Saturday, February 23, 2019

Necessary Slaughter

Picture this frail slender woman, pale and forty-five,
in fog of which she might be made, approaching
a familiar well in southern England, leaning bony
elbows on the rim and peering in. She's come to seek
two prophesies: the first, a metaphor – imploring,
hoping for – some new dark fish to surface, another
looming scaly face, to catch the sight of, coming up.

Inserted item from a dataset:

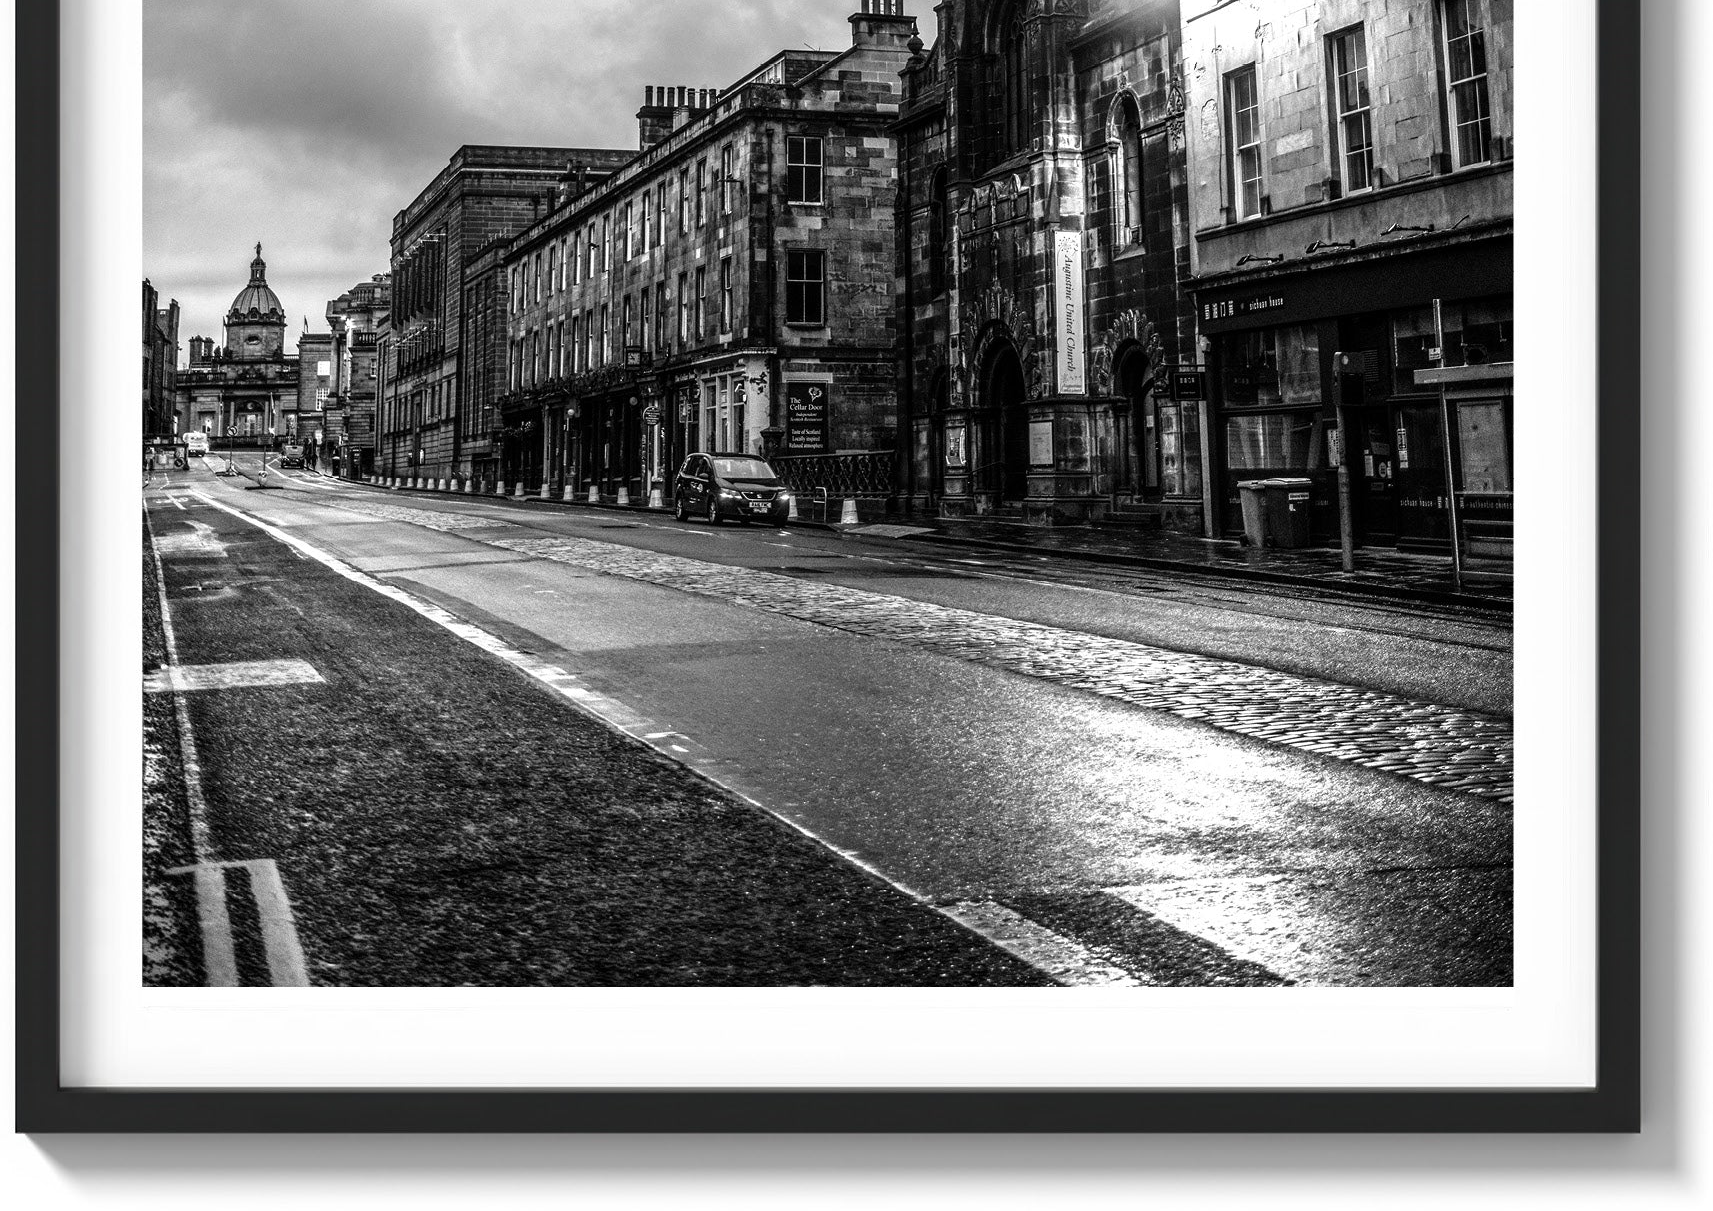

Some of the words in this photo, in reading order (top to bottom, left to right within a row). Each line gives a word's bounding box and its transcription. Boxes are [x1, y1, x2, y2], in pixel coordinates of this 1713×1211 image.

She’ll dare to look down there again: to mine it for
the alien eyes of what you’re not supposed to find
in wells – a divination that will offer her its spells,
hoping she will see whatever her arcane desires require,
according to the exigencies, needs and cries of her
beseeching unpredictabilities, her fleet and fickle mind.
This is how her other children have come up: she's
learned to wait, alone, in privacy, alert and quiet
as a mouse, for any sign of life to stir. (Her latest
evanescent infant she called "To the Lighthouse.")
She'll wait until the next one comes and if it doesn't,
she'll review the prospects of a second destiny:
not waiting for a fish but possibly becoming one.
Among the many things that you can do with water
is approach it as if you were its abandoned daughter –
choose the option of effecting through its frigid depths
the next expected sacrifice, and necessary slaughter.